A luta contra a violência política de gênero

A violência política de gênero é qualquer ato ou ameaça que impeça as mulheres de exercer seus direitos políticos

Casos recentes de violência política de gênero têm suscitado importantes diálogos e discussões sobre a inclusão democrática das mulheres na política. As recentes agressões misóginas perpetradas por um deputado estadual bolsonarista contra a deputada estadual Aná Júlia (PT-PR) na Assembleia Legislativa do Paraná são um bom exemplo disso. Outro triste episódio diz respeito a ataques perpetrados – também por bolsonaristas – contra a ministra Marina Silva, durante recente audiência no Senado.

Destacar tais episódios, mais do que realizar a “vitimização” das mandatárias, é uma importante oportunidade para considerarmos a relevância da pauta política de gênero na construção de uma sociedade mais justa e igualitária.

A exclusão das mulheres do mundo político tem profunda relação com a visão conservadora de mundo, em que aos homens pertence o protagonismo político e às mulheres o “protagonismo nos cuidados do lar”. Essa divisão de papéis sociais tem efeitos nefastos às mulheres, pois elas ficam limitadas ao exercício de funções secundárias, com menos prestígio social, com as piores remunerações – inclusive realizando trabalhados não remunerados – e confinadas no ambiente doméstico.

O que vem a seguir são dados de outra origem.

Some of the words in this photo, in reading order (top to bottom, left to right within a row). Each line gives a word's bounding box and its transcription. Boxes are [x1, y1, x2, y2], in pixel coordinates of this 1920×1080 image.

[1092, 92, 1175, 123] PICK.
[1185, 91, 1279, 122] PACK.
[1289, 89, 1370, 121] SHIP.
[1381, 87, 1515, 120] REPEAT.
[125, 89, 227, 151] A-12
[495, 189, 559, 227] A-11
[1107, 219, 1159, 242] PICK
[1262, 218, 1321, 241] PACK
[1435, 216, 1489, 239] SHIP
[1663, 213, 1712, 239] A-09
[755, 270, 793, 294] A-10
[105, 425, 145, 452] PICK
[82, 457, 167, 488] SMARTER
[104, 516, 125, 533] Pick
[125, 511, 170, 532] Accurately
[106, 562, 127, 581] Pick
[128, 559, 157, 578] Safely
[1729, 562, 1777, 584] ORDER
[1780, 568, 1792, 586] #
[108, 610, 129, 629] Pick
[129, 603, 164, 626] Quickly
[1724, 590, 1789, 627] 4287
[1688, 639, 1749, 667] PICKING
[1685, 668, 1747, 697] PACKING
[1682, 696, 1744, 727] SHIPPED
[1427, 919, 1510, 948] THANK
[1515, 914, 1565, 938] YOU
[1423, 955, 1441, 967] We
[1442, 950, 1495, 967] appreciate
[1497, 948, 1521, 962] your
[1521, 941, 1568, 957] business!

Essa forma de pensar impede que mulheres desenvolvam sua cidadania de forma plena, ou seja, elas têm muito mais obstáculos a superar, dificultando sua participação inclusive no que diz respeito à vida política da comunidade à qual pertencem. Se considerarmos também questões como classe ou raça/etnia, a situação se agrava.

Portanto, as mulheres na atual sociedade brasileira são exploradas não somente em razão da sua condição de mulher, mas também pelo sistema econômico e pelo racismo estrutural. Não à toa, diversas pesquisas apontam que as mulheres – e, dentro dessa categoria, as mulheres não brancas – são as que menos ascendem profissionalmente, têm os menores salários e ocupam as piores posições na pirâmide social.

Isso, contudo, não a despercebido pelos movimentos feministas. Não foi coincidência ou concessão benevolente a promulgação da recente Lei n.º 14.192/2021, mais comumente conhecida como a Lei Contra Violência Política de Gênero. A referida lei estabelece normas para prevenir, reprimir e combater a violência política contra a mulher, a fim de garantir sua participação em debates eleitorais.

Essa lei pode até ser motivo de comemoração em um primeiro momento. Mas se olharmos com um olhar mais crítico, veremos que essa conquista talvez não tenha sido alcançada da forma como foi amplamente noticiada e celebrada. Propomos, portanto, apresentar o conceito de violência política de gênero da Organização das Nações Unidas (ONU), a fim de o comparar com o conceito legal da violência política contra a mulher e verificar se ainda há desafios a superar.

Para a Organização das Nações Unidas(ONU), a violência política de gênero é qualquer ato ou ameaça de violência de gênero que resulte em dano ou sofrimento físico, sexual ou psicológico às mulheres, que as impeçam  de exercer seus direitos políticos, incluindo o direito a ocupar cargos públicos, ao voto secreto, à associação e reunião, a realizar campanha livremente e a exercer sua liberdade de opinião e expressão.

Dessa ampla definição – que também não é exaustiva – podemos perceber que as vítimas são mulheres interessadas na política. Elas podem ser, portanto, eleitoras, candidatas, apoiadoras, partidárias, cabos eleitorais, funcionárias da justiça, integrantes das equipes das campanhas, representantes eleitas, profissionais da comunicação, por exemplo. Extraímos daí, também, que os possíveis agressores podem ser tanto homens ou mulheres, partidos, agentes do estado e inclusive a própria família da vítima.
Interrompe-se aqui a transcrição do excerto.